- **ASSIGNMENT**
Having read the data, transcribe all of it without deviation.

Stored data entries:
┌────────

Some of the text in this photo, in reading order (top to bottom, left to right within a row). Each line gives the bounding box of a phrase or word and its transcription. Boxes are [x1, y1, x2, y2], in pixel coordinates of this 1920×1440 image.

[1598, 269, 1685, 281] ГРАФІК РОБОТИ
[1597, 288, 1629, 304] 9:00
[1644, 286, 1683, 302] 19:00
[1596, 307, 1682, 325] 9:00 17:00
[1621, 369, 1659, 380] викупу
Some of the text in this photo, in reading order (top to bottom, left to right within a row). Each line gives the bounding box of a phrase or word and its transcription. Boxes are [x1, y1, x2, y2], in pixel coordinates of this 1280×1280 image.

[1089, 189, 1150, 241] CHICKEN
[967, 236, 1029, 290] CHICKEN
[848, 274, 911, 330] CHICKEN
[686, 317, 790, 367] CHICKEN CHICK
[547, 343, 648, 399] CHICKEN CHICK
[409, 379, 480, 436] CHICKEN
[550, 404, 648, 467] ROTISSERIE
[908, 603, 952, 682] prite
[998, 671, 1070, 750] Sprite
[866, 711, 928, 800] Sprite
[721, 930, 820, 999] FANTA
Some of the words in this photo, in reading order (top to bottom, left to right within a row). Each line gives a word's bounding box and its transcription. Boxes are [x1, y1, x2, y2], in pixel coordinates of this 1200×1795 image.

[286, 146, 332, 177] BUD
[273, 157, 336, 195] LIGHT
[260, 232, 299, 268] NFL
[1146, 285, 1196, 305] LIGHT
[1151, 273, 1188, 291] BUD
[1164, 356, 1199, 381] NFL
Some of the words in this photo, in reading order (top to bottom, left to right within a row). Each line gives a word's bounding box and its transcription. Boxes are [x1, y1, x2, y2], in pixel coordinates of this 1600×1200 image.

└────────

- **RESULT OF THIS TASK**
Some of the text in this photo, in reading order (top to bottom, left to right within a row). Each line gives the bounding box of a phrase or word and its transcription. Boxes are [x1, y1, x2, y2], in pixel coordinates of this 1920×1440 image.

[1598, 269, 1685, 281] ГРАФІК РОБОТИ
[1597, 288, 1629, 304] 9:00
[1644, 286, 1683, 302] 19:00
[1596, 307, 1682, 325] 9:00 17:00
[1621, 369, 1659, 380] викупу
Some of the text in this photo, in reading order (top to bottom, left to right within a row). Each line gives the bounding box of a phrase or word and its transcription. Boxes are [x1, y1, x2, y2], in pixel coordinates of this 1280×1280 image.

[1089, 189, 1150, 241] CHICKEN
[967, 236, 1029, 290] CHICKEN
[848, 274, 911, 330] CHICKEN
[686, 317, 790, 367] CHICKEN CHICK
[547, 343, 648, 399] CHICKEN CHICK
[409, 379, 480, 436] CHICKEN
[550, 404, 648, 467] ROTISSERIE
[908, 603, 952, 682] prite
[998, 671, 1070, 750] Sprite
[866, 711, 928, 800] Sprite
[721, 930, 820, 999] FANTA
Some of the words in this photo, in reading order (top to bottom, left to right within a row). Each line gives a word's bounding box and its transcription. Boxes are [x1, y1, x2, y2], in pixel coordinates of this 1200×1795 image.

[286, 146, 332, 177] BUD
[273, 157, 336, 195] LIGHT
[260, 232, 299, 268] NFL
[1146, 285, 1196, 305] LIGHT
[1151, 273, 1188, 291] BUD
[1164, 356, 1199, 381] NFL
Some of the words in this photo, in reading order (top to bottom, left to right within a row). Each line gives a word's bounding box and its transcription. Boxes are [x1, y1, x2, y2], in pixel coordinates of this 1600×1200 image.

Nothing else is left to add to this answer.